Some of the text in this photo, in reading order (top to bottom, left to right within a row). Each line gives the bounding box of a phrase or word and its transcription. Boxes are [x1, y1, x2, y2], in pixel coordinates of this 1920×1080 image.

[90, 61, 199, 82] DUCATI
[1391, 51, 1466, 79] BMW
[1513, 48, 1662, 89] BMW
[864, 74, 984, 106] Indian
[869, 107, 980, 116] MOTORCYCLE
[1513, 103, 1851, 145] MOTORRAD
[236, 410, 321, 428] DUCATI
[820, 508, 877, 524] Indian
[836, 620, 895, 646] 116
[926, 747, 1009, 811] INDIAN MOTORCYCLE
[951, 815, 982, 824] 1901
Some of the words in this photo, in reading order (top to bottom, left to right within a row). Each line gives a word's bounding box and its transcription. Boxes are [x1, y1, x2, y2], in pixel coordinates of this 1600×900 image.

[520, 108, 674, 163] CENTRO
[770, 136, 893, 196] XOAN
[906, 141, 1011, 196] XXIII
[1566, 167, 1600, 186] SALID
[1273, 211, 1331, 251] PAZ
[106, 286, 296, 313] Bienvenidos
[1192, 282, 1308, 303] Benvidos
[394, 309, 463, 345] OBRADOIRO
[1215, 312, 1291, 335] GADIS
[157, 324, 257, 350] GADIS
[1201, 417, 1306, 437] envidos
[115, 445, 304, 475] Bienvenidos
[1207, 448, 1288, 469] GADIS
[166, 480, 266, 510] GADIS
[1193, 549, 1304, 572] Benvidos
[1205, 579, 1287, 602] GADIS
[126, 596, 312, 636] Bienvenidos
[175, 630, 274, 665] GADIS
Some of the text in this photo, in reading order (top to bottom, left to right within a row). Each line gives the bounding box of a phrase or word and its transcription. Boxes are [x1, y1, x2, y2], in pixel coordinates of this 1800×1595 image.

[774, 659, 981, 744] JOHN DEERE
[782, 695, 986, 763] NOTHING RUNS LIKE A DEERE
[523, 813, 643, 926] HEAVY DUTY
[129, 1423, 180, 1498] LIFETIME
◇ ◇ ◇ ◇ ◇
WORK ORDER
The full listing is to be written out again, exactly as shown.

TASK RESPONSE
Some of the text in this photo, in reading order (top to bottom, left to right within a row). Each line gives the bounding box of a phrase or word and its transcription. Boxes are [x1, y1, x2, y2], in pixel coordinates of this 1920×1080 image.

[90, 61, 199, 82] DUCATI
[1391, 51, 1466, 79] BMW
[1513, 48, 1662, 89] BMW
[864, 74, 984, 106] Indian
[869, 107, 980, 116] MOTORCYCLE
[1513, 103, 1851, 145] MOTORRAD
[236, 410, 321, 428] DUCATI
[820, 508, 877, 524] Indian
[836, 620, 895, 646] 116
[926, 747, 1009, 811] INDIAN MOTORCYCLE
[951, 815, 982, 824] 1901
Some of the words in this photo, in reading order (top to bottom, left to right within a row). Each line gives a word's bounding box and its transcription. Boxes are [x1, y1, x2, y2], in pixel coordinates of this 1600×900 image.

[520, 108, 674, 163] CENTRO
[770, 136, 893, 196] XOAN
[906, 141, 1011, 196] XXIII
[1566, 167, 1600, 186] SALID
[1273, 211, 1331, 251] PAZ
[106, 286, 296, 313] Bienvenidos
[1192, 282, 1308, 303] Benvidos
[394, 309, 463, 345] OBRADOIRO
[1215, 312, 1291, 335] GADIS
[157, 324, 257, 350] GADIS
[1201, 417, 1306, 437] envidos
[115, 445, 304, 475] Bienvenidos
[1207, 448, 1288, 469] GADIS
[166, 480, 266, 510] GADIS
[1193, 549, 1304, 572] Benvidos
[1205, 579, 1287, 602] GADIS
[126, 596, 312, 636] Bienvenidos
[175, 630, 274, 665] GADIS
Some of the text in this photo, in reading order (top to bottom, left to right within a row). Each line gives the bounding box of a phrase or word and its transcription. Boxes are [x1, y1, x2, y2], in pixel coordinates of this 1800×1595 image.

[774, 659, 981, 744] JOHN DEERE
[782, 695, 986, 763] NOTHING RUNS LIKE A DEERE
[523, 813, 643, 926] HEAVY DUTY
[129, 1423, 180, 1498] LIFETIME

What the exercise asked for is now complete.